[[ SOURCE RECORDS open ]]

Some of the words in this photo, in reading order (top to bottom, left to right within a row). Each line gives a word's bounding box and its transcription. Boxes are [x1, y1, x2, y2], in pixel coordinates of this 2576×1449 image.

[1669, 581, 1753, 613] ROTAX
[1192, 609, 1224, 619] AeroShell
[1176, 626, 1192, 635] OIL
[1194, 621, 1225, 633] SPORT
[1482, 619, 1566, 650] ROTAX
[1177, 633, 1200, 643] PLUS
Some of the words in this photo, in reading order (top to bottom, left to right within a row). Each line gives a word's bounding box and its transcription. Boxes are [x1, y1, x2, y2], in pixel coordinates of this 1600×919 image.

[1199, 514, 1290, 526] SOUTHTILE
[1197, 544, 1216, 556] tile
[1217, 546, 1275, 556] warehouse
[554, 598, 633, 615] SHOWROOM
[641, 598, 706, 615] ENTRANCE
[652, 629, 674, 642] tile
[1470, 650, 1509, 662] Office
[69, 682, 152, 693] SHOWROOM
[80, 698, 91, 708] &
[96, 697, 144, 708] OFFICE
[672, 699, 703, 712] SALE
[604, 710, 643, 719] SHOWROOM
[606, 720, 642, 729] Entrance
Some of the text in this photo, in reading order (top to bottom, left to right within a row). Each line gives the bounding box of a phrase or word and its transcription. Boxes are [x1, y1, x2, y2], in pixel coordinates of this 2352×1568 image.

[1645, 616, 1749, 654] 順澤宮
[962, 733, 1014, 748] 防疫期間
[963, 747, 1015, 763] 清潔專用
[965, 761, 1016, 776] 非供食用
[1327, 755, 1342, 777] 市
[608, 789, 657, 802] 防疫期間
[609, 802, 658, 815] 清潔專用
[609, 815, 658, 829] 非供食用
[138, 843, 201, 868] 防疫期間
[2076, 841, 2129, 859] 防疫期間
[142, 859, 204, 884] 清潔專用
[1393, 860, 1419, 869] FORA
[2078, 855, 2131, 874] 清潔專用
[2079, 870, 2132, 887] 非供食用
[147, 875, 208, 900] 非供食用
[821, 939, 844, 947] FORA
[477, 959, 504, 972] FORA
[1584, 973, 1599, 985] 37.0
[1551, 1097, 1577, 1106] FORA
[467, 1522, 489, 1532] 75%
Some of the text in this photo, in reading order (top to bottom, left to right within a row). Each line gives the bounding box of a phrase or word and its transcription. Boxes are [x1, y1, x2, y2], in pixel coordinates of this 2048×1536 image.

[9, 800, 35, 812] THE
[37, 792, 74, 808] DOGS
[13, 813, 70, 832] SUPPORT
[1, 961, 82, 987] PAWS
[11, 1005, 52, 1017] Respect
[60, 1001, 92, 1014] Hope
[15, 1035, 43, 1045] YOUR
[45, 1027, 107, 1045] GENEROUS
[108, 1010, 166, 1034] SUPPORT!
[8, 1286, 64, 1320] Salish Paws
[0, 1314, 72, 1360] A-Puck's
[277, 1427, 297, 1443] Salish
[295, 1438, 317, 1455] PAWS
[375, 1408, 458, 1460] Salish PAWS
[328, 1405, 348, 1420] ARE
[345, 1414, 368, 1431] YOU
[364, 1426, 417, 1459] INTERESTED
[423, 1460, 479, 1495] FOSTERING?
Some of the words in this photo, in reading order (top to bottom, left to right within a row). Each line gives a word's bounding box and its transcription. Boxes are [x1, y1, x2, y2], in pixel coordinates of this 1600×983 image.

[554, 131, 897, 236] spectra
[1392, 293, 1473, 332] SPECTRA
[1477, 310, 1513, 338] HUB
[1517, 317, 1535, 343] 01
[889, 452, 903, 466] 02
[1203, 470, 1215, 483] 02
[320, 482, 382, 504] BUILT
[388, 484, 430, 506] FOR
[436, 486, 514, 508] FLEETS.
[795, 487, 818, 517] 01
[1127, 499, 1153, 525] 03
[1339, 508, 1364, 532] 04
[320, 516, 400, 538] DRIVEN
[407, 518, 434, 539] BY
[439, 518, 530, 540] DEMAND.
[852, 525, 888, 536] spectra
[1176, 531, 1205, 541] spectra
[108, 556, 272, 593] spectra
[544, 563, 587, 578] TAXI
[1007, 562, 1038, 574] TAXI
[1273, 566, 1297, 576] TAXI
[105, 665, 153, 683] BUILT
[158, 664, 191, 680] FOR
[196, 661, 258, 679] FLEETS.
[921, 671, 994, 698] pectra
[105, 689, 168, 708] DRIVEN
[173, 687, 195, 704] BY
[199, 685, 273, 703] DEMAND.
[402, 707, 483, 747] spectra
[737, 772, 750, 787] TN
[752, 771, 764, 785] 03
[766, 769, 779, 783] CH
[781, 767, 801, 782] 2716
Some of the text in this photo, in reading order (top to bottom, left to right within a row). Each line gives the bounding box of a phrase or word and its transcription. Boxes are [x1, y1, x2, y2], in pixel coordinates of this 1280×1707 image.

[[ SOURCE RECORDS closed ]]

Could you restate the records above word for word?

*TASK ANSWER:*
Some of the words in this photo, in reading order (top to bottom, left to right within a row). Each line gives a word's bounding box and its transcription. Boxes are [x1, y1, x2, y2], in pixel coordinates of this 2576×1449 image.

[1669, 581, 1753, 613] ROTAX
[1192, 609, 1224, 619] AeroShell
[1176, 626, 1192, 635] OIL
[1194, 621, 1225, 633] SPORT
[1482, 619, 1566, 650] ROTAX
[1177, 633, 1200, 643] PLUS
Some of the words in this photo, in reading order (top to bottom, left to right within a row). Each line gives a word's bounding box and its transcription. Boxes are [x1, y1, x2, y2], in pixel coordinates of this 1600×919 image.

[1199, 514, 1290, 526] SOUTHTILE
[1197, 544, 1216, 556] tile
[1217, 546, 1275, 556] warehouse
[554, 598, 633, 615] SHOWROOM
[641, 598, 706, 615] ENTRANCE
[652, 629, 674, 642] tile
[1470, 650, 1509, 662] Office
[69, 682, 152, 693] SHOWROOM
[80, 698, 91, 708] &
[96, 697, 144, 708] OFFICE
[672, 699, 703, 712] SALE
[604, 710, 643, 719] SHOWROOM
[606, 720, 642, 729] Entrance
Some of the text in this photo, in reading order (top to bottom, left to right within a row). Each line gives the bounding box of a phrase or word and its transcription. Boxes are [x1, y1, x2, y2], in pixel coordinates of this 2352×1568 image.

[1645, 616, 1749, 654] 順澤宮
[962, 733, 1014, 748] 防疫期間
[963, 747, 1015, 763] 清潔專用
[965, 761, 1016, 776] 非供食用
[1327, 755, 1342, 777] 市
[608, 789, 657, 802] 防疫期間
[609, 802, 658, 815] 清潔專用
[609, 815, 658, 829] 非供食用
[138, 843, 201, 868] 防疫期間
[2076, 841, 2129, 859] 防疫期間
[142, 859, 204, 884] 清潔專用
[1393, 860, 1419, 869] FORA
[2078, 855, 2131, 874] 清潔專用
[2079, 870, 2132, 887] 非供食用
[147, 875, 208, 900] 非供食用
[821, 939, 844, 947] FORA
[477, 959, 504, 972] FORA
[1584, 973, 1599, 985] 37.0
[1551, 1097, 1577, 1106] FORA
[467, 1522, 489, 1532] 75%
Some of the text in this photo, in reading order (top to bottom, left to right within a row). Each line gives the bounding box of a phrase or word and its transcription. Boxes are [x1, y1, x2, y2], in pixel coordinates of this 2048×1536 image.

[9, 800, 35, 812] THE
[37, 792, 74, 808] DOGS
[13, 813, 70, 832] SUPPORT
[1, 961, 82, 987] PAWS
[11, 1005, 52, 1017] Respect
[60, 1001, 92, 1014] Hope
[15, 1035, 43, 1045] YOUR
[45, 1027, 107, 1045] GENEROUS
[108, 1010, 166, 1034] SUPPORT!
[8, 1286, 64, 1320] Salish Paws
[0, 1314, 72, 1360] A-Puck's
[277, 1427, 297, 1443] Salish
[295, 1438, 317, 1455] PAWS
[375, 1408, 458, 1460] Salish PAWS
[328, 1405, 348, 1420] ARE
[345, 1414, 368, 1431] YOU
[364, 1426, 417, 1459] INTERESTED
[423, 1460, 479, 1495] FOSTERING?
Some of the words in this photo, in reading order (top to bottom, left to right within a row). Each line gives a word's bounding box and its transcription. Boxes are [x1, y1, x2, y2], in pixel coordinates of this 1600×983 image.

[554, 131, 897, 236] spectra
[1392, 293, 1473, 332] SPECTRA
[1477, 310, 1513, 338] HUB
[1517, 317, 1535, 343] 01
[889, 452, 903, 466] 02
[1203, 470, 1215, 483] 02
[320, 482, 382, 504] BUILT
[388, 484, 430, 506] FOR
[436, 486, 514, 508] FLEETS.
[795, 487, 818, 517] 01
[1127, 499, 1153, 525] 03
[1339, 508, 1364, 532] 04
[320, 516, 400, 538] DRIVEN
[407, 518, 434, 539] BY
[439, 518, 530, 540] DEMAND.
[852, 525, 888, 536] spectra
[1176, 531, 1205, 541] spectra
[108, 556, 272, 593] spectra
[544, 563, 587, 578] TAXI
[1007, 562, 1038, 574] TAXI
[1273, 566, 1297, 576] TAXI
[105, 665, 153, 683] BUILT
[158, 664, 191, 680] FOR
[196, 661, 258, 679] FLEETS.
[921, 671, 994, 698] pectra
[105, 689, 168, 708] DRIVEN
[173, 687, 195, 704] BY
[199, 685, 273, 703] DEMAND.
[402, 707, 483, 747] spectra
[737, 772, 750, 787] TN
[752, 771, 764, 785] 03
[766, 769, 779, 783] CH
[781, 767, 801, 782] 2716
Some of the text in this photo, in reading order (top to bottom, left to right within a row). Each line gives the bounding box of a phrase or word and its transcription. Boxes are [x1, y1, x2, y2], in pixel coordinates of this 1280×1707 image.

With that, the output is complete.